1. Cooling system for a liquid-cooled internal combustion engine

• - With an elastically resilient device to compensate for thermally-related volume changes up to a predetermined system pressure of the coolant circulated by means of a pump ( 10 ), and
• - A device ( 11 ) for system pressure control in a flow line ( 13 ), wherein
• - The one tank ( 12 ) arranged through flow line ( 13 ) egg nen with a filler neck ( 26 ) substantially aligned valve neck ( 14 ) for receiving an opposite flow direction controlling valve unit ( 25 )
• - Is displaceably arranged against a closure ( 32 ) of the filler neck ( 26 ) in the valve neck ( 14 ),

characterized,

• - That the valve stub ( 14 ) a partition ( 15 ) of the container ( 12 ) is arranged tightly penetrating with a valve opening ( 16 ) in a chamber ( 17 ) for an atmospheric coolant template ( 18 ), and
• - That a further, geodetically arranged chamber ( 19 ) of the container ters ( 12 ) by means of a relocatable against elastic resistance loading limit ( 21 ) serves a coolant volume compensation, wherein
• - The compensation chamber ( 19 ) via a connection piece ( 23 ) with a pump suction line ( 9 ) of the cooling system ( 1 ) and also with the Kühlmit tel-sub-chamber ( 17 ) via a temperature-controlled vent and return valve ( 24 ) in connection stands.

2. Cooling system according to claim 1, characterized in

• - That the valve stub ( 14 ) of the flow line ( 13 ) with a cold filling of the cooling system ( 1 ) removably arranged valve unit ( 25 ) is formed from
• - When the cooling system ( 1 ) is filled warm, against an abutment (bottom 35) of an insert ( 27 ) which is detachably arranged in the filler neck ( 26 ) at the level of the warm fill level in the supply chamber ( 17 ) and is elastically supported in the valve neck ( 14 ).

3. Cooling system according to claim 1 and 2, characterized in

• - That the valve unit ( 25 ) with a pressure relief valve ( 29 ) structurally combined bleeding and return valve ( 30 ), wherein
• - The designed as a thermal valve vent and return valve ( 30 ) between the supply chamber ( 17 ) and flow line ( 13 ) effective venting and return bore ( 31 ) in the pressure valve ( 29 ) designed as a seat valve controls temperature-dependent.

4. Cooling system according to claims 1 to 3, characterized in

• - That the closure ( 32 ) of the filler neck ( 26 ) of the supply chamber ( 17 ) with the filler neck ( 26 ) screwable, pot-shaped insert ( 27 ) and
• - A with the insert ( 27 ) cooperating cover ( 33 ) with a vent hole ( 34 ), wherein
• - The insert ( 27 ) in the as a stop of the spring ( 28 ) of the valve unit ( 25 ) serving bottom ( 35 ) has a control of the hot fill level serving control opening ( 36 ) and in the peripheral part ( 37 ) close to the lid arranged ventilation channels ( 38 ).
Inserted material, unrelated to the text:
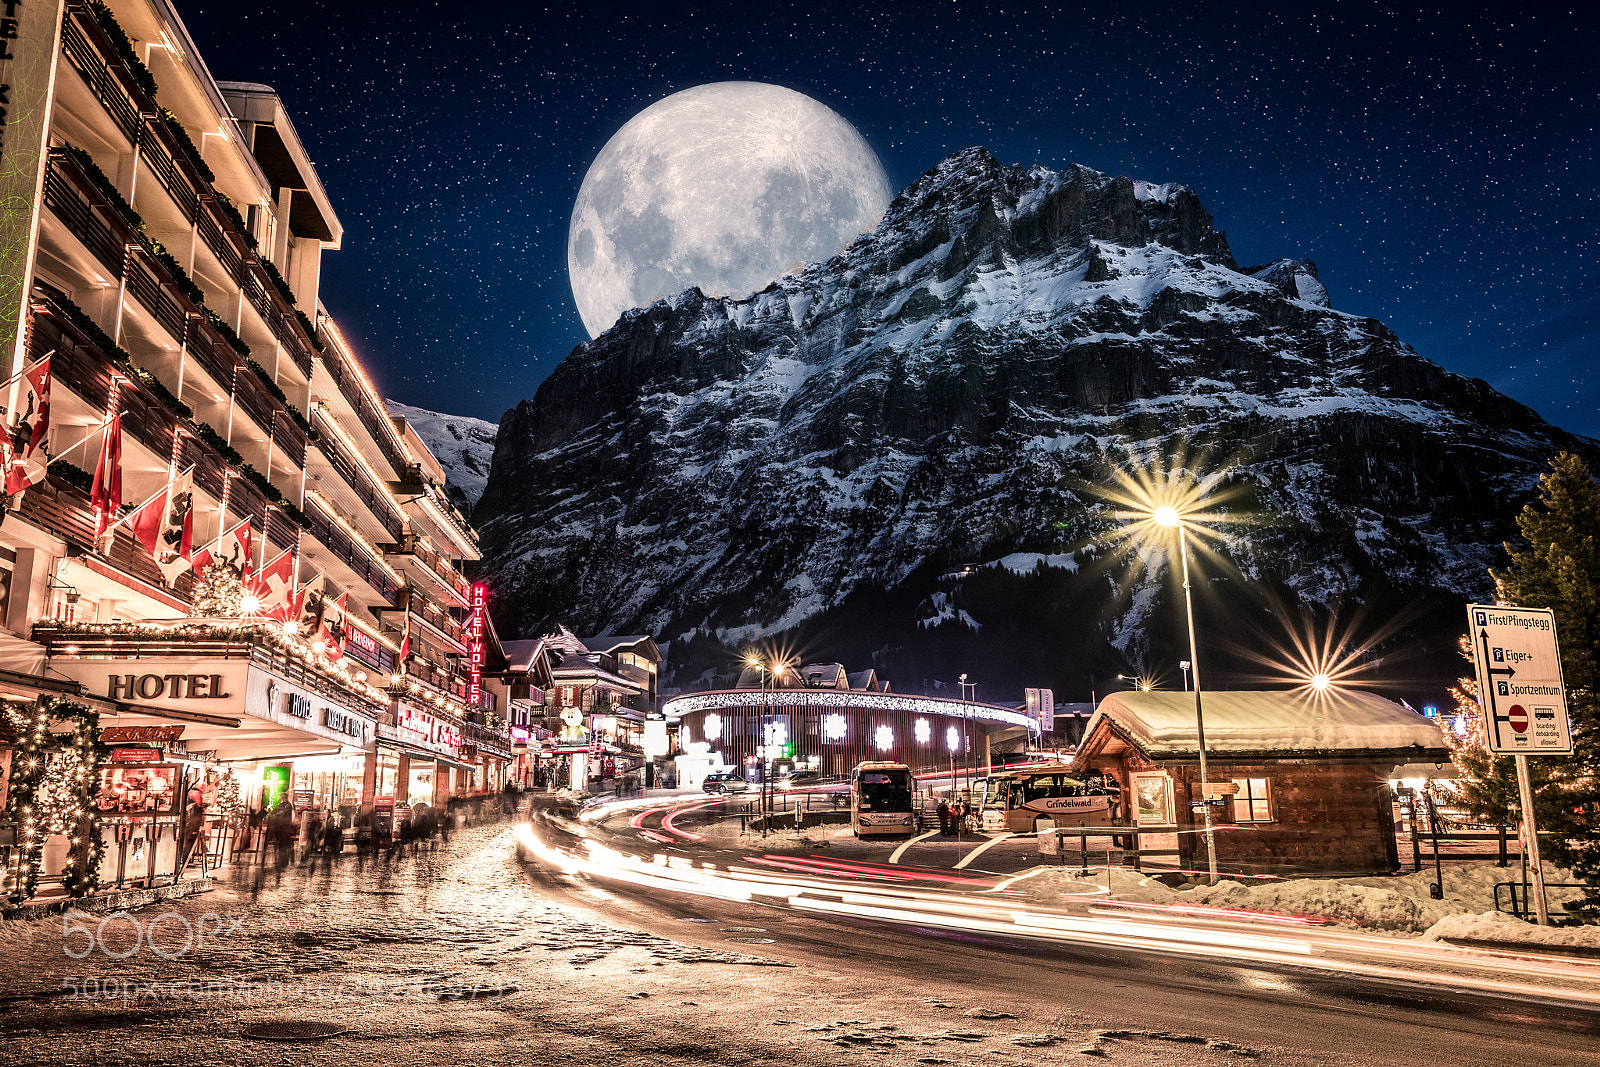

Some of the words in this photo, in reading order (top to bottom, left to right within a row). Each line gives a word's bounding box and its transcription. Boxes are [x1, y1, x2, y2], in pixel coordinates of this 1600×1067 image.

5. Channel system according to claims 1 to 4, characterized in

• - That the compensation chamber ( 19 ) comprises a displaceable by means of a rolling bellows ( 22 ) coolant-tight displacement piston ( 21 ) as a displaceable limit, the
• - Is acted upon by a pressure spring ( 20 ), which is supported against the container ( 12 ) and is biased.

6. Cooling system according to claims 1 to 5, characterized in that the filling, venting and pressure control device ( 11 ) with atmospherically loaded coolant template ( 18 ) via the supply line ( 13 ) directly in the supply ( 3 ) of the internal combustion engine ( 2 ) to the cooler ( 4 ) is arranged.